Layer	What it solves
Documentation tools	Give your agent up-to-date API docs
Memory systems	Remember things across conversations
RAG / retrieval	Find relevant code chunks
Entroly (optimization)	Makes everything fit — optimally compresses your entire codebase + docs + memory into the token budget

These layers are complementary. Doc tools give you better docs. Memory gives you persistence. RAG retrieves relevant chunks. Entroly is the optimization layer that makes sure all of it actually fits in your context window without wasting tokens.

Entroly works standalone, or on top of any doc tool, memory system, RAG pipeline, or context source.

Install

pip install entroly

That's it. One command. Works on Linux, macOS, and Windows.

Windows users: If pip is not on your PATH, use python -m pip install entroly.

Connect to your AI tool

Cursor — run entroly init in your project. It generates .cursor/mcp.json automatically.

Claude Code — run claude mcp add entroly -- entroly.

VS Code / Windsurf — run entroly init. Auto-detected.

Any other AI tool — use proxy mode:

pip install entroly[proxy]
entroly proxy --quality balanced

Then point your AI tool's API base URL to http://localhost:9377/v1. Done.

Verify it's working

entroly status     # check if the server/proxy is running
entroly demo       # see a before/after comparison of token savings on your project
entroly dashboard  # open the live metrics dashboard at localhost:9378

Install options

pip install entroly           # Core — MCP server + Python fallback engine
pip install entroly[proxy]    # Add proxy mode (transparent HTTP interception)
pip install entroly[native]   # Add native Rust engine (50-100x faster)
pip install entroly[full]     # Everything

Docker

docker pull ghcr.io/juyterman1000/entroly:latest
docker run --rm -p 9377:9377 -p 9378:9378 -v .:/workspace:ro ghcr.io/juyterman1000/entroly:latest

Multi-arch: linux/amd64 and linux/arm64 (Apple Silicon, AWS Graviton).

Or with Docker Compose: docker compose up -d

Works With Everything

AI Tool	Setup	Method
Cursor	`entroly init`	MCP server
Claude Code	`claude mcp add entroly -- entroly`	MCP server
VS Code + Copilot	`entroly init`	MCP server
Windsurf	`entroly init`	MCP server
Cline	`entroly init`	MCP server
OpenClaw	See below	Context Engine
Cody	`entroly proxy`	HTTP proxy
Any LLM API	`entroly proxy`	HTTP proxy

OpenClaw Integration

OpenClaw users get the deepest integration. Entroly plugs in as a Context Engine that optimizes every agent type automatically:

Agent Type	What Entroly Does	Token Savings
Main agent	Full codebase visibility at variable resolution	~78%
Heartbeat	Only loads what changed since last check	~90%
Subagents	Parent context inherited + budget-split via Nash bargaining	~70% per agent
Cron jobs	Minimal context — just relevant memories + schedule	~85%
Group chat	Entropy-based message filtering — only high-signal kept	~60%
ACP sessions	Cross-agent context sharing without duplication	~75%

When OpenClaw spawns multiple agents, Entroly's multi-agent budget allocator splits your token budget optimally across all of them. No agent starves. No tokens wasted.

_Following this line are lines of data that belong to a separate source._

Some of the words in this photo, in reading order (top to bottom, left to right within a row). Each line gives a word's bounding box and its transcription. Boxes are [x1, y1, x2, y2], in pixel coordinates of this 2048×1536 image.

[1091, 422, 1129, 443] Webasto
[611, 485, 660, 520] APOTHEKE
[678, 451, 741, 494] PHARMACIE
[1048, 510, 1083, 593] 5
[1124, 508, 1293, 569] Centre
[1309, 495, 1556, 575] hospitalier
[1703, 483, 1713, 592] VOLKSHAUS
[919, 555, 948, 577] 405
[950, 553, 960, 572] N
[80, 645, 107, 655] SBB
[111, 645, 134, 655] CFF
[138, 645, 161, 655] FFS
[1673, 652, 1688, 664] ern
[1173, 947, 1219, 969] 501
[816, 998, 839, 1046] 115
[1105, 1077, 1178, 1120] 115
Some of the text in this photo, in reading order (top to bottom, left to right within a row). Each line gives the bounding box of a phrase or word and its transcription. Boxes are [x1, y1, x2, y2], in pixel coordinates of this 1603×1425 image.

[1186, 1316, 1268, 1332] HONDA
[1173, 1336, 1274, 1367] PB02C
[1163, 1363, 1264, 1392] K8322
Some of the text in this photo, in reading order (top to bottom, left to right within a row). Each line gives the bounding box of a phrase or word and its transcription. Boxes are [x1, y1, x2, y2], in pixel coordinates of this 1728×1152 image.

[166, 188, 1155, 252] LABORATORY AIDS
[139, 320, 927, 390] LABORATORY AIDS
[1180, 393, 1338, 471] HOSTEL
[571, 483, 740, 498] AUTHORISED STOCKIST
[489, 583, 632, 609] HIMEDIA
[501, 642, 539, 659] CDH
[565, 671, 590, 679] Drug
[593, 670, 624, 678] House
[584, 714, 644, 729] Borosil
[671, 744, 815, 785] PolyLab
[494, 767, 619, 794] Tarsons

from entroly.context_bridge import MultiAgentContext

ctx = MultiAgentContext(workspace_path="~/.openclaw/workspace")
ctx.ingest_workspace()

# Spawn subagents with automatic budget splitting
sub = ctx.spawn_subagent("main", "researcher", "find auth bugs")

# Schedule background checks
ctx.schedule_cron("email_checker", "check inbox", interval_seconds=900)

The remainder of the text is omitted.